Buddha started an order of wandering monks - perhaps better called friars - who lived a minimal existence and actively sought the dispassion of nirvana. However, there also grew up an alternative vision of the holy life among those who were called yogins or tantrikas who reasoned that instead of extinguishing passion, it should be invoked, explored, transformed and utilised. They would celebrate things that were hidden by polite society, though often doing so in secret. This all led to a different lifestyle to that of the monk or nun. Yogins were eccentric, engaged in activities that were disallowed by the monastic precepts and did so in order to harness the energies thus released. It is immediately apparent that this would be a dangerous course as such energies and passions can easily lead one far astray. Thus the yogins insisted on the importance of doing their practices under the guidance of a teacher and within an ethos that they called samaya - a kind of bond of loyalty to the truth. This created an esoteric tradition.
Nowadays one can buy books or go to workshops that purport to be tantric, some of which are really just an excuse for indulgence. However, the path of the traditional tantrika was a tough one. For instance, the pandit Naropa became a disciple of the yogin Tilopa. Tilopa lived as a beggar. As Naropa was a high class gentleman, proud of his learning, Tilopa put him through all manner of humiliating and dangerous exercises in order to break his attachment to self-preening. It is easy to talk about "non-self", but what does it mean in practice? The yogins sought to destroy the self-clinging while harnessing the whole range of human passion - rage, lust, fear, disgust, and so on - transforming them into a wisdom and compassion that were much more than skin deep. Passion free of narcissism.
Pureland Buddhism is, in some ways, a simple, everyday form of tantra. It accepts the ordinary being just as is: mortal, fallible, vulnerable, sentient. We all have desires, fears, pride, dismay, shame, disgust and so on. The tantrika relates to a guardian-deity-Buddha, called a yidam, and in Pureland, this is Amitabha and the choice of Amitabha is because Amitabha is the Buddha of all acceptance and universal light. We seek to live in that light and, with that basis for faith and courage, to observe our ordinary nature, or our natural ordinariness. This sounds simple and, in principle, it is, but to actually do it is transformational. Such ordinary wisdom and ordinary compassion is unpretentious and does not require grades or status. It is more a matter of plunging into life as it is with a fundamental faith that, just as we are, we are accepted by the Tathagata. Abandoning self-power does not mean expunging passion.

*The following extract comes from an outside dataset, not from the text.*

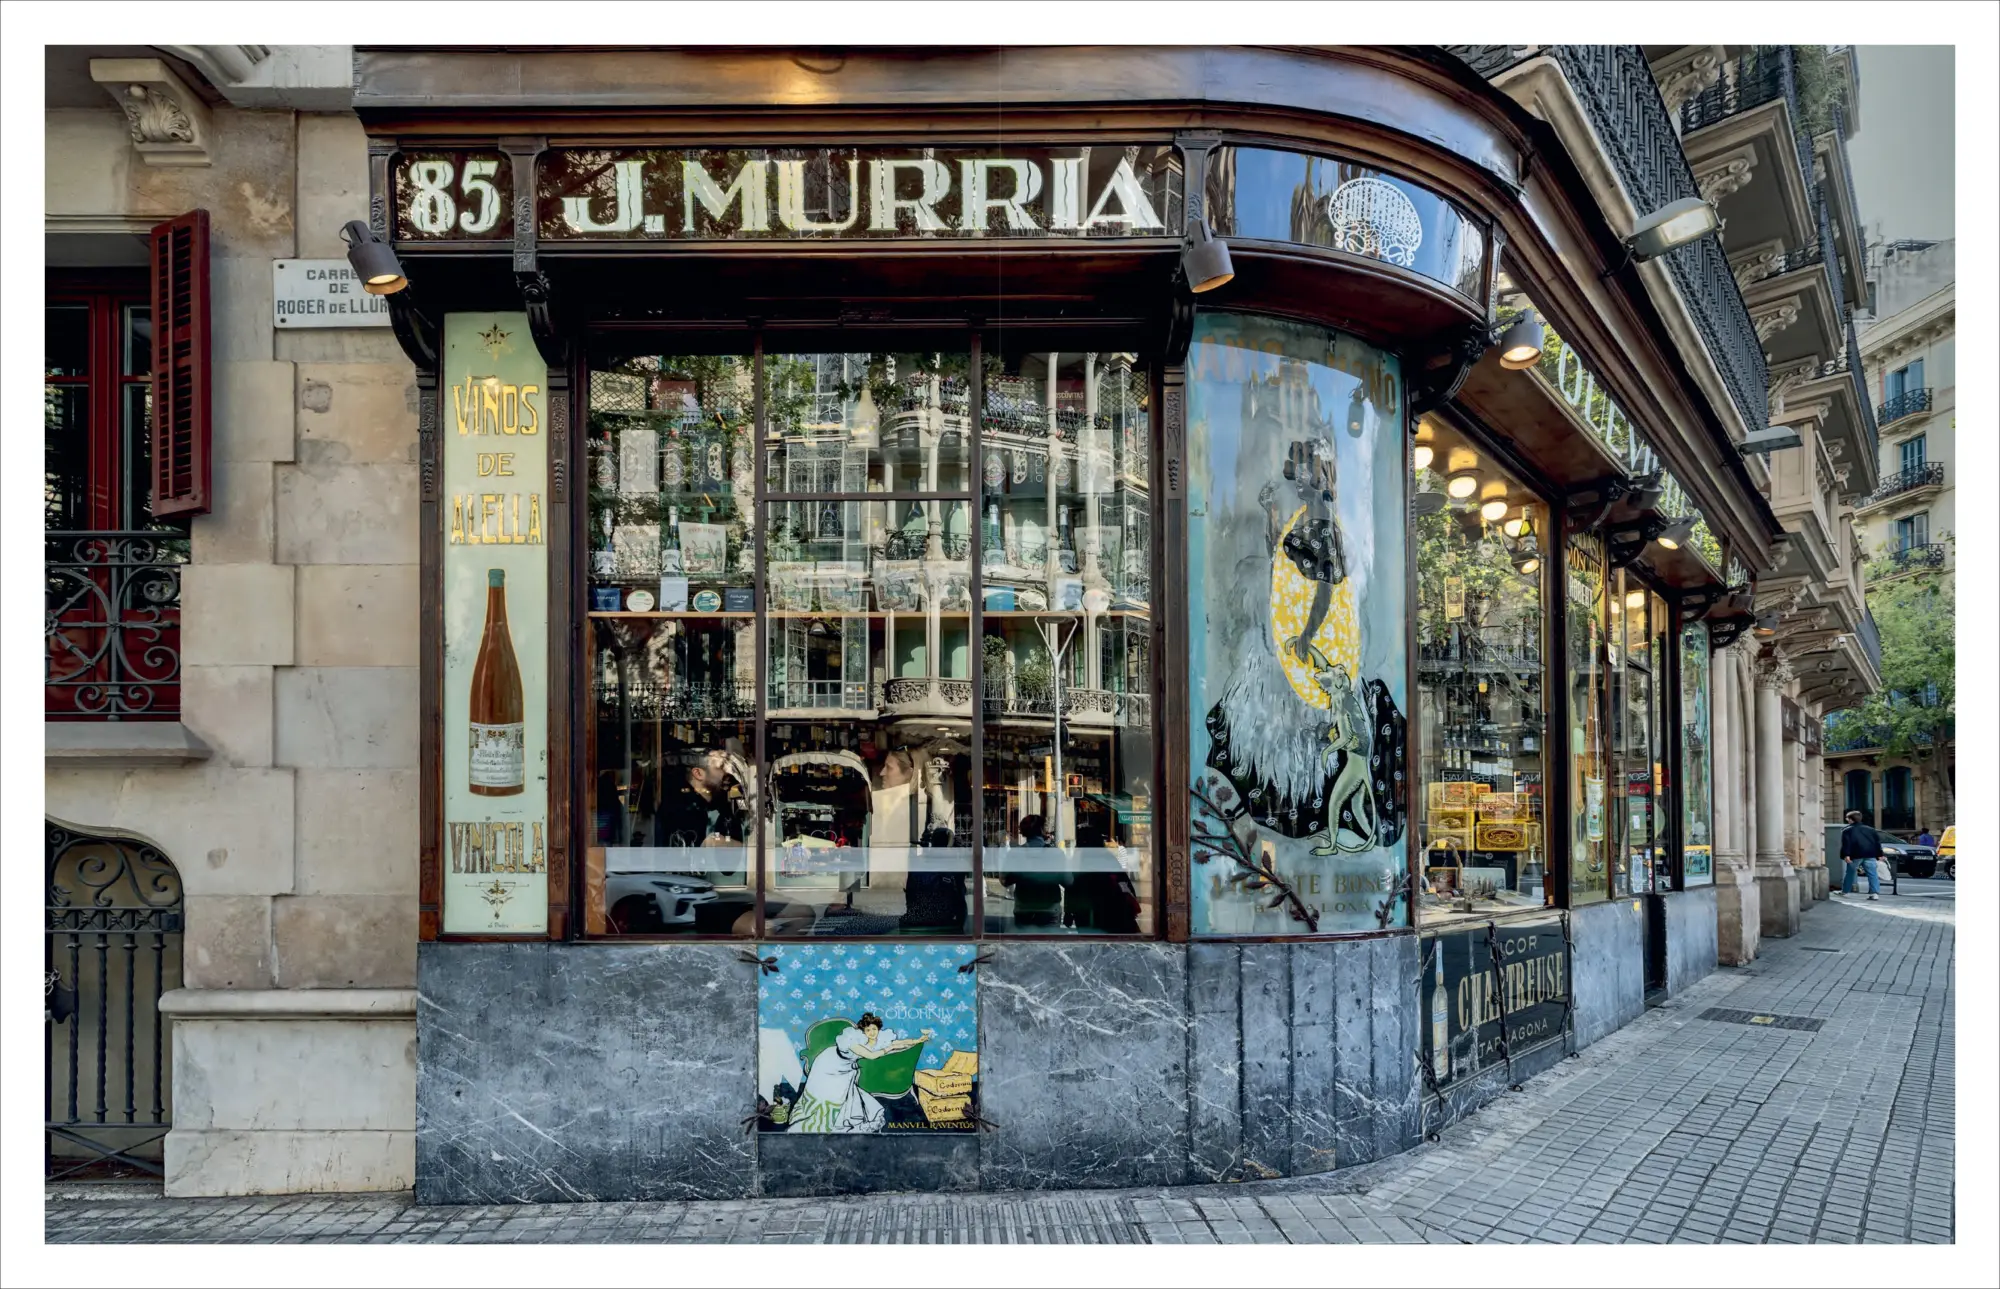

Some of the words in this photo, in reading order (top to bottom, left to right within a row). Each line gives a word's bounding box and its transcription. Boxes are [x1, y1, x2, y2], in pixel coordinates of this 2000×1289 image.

When I asked my Japanese friends what was the meaning of the practice, they said that it is all about being able to die well. If one fully accepts life, one will fully accept death. If one has faith that one is acceptable to the Buddha in life, no matter how foolish or misguided one may have been at times, then one will fall into the lap of Buddha when this life ends. The person who is thus at ease with life and death reflects the grace of the Buddhas into this world without even realising. Those who follow are naturally blessed.
There is much paradox in all this. The more accepted one feels, the more concerned one tends to be to deepen one's practice. At the end it is all about love and being loved. It is said that the true nature of mind is great luminosity. That light is love. But to bring it to fullness, the whole of one's being - good, bad & neutral - must be engaged, and this was the great insight of the tantrikas. In all schools of Buddhism throughout history there have been unconventional practitioners who took the core meaning of Dharma seriously and experimented with their lives, more interested in serving others than acquiring status.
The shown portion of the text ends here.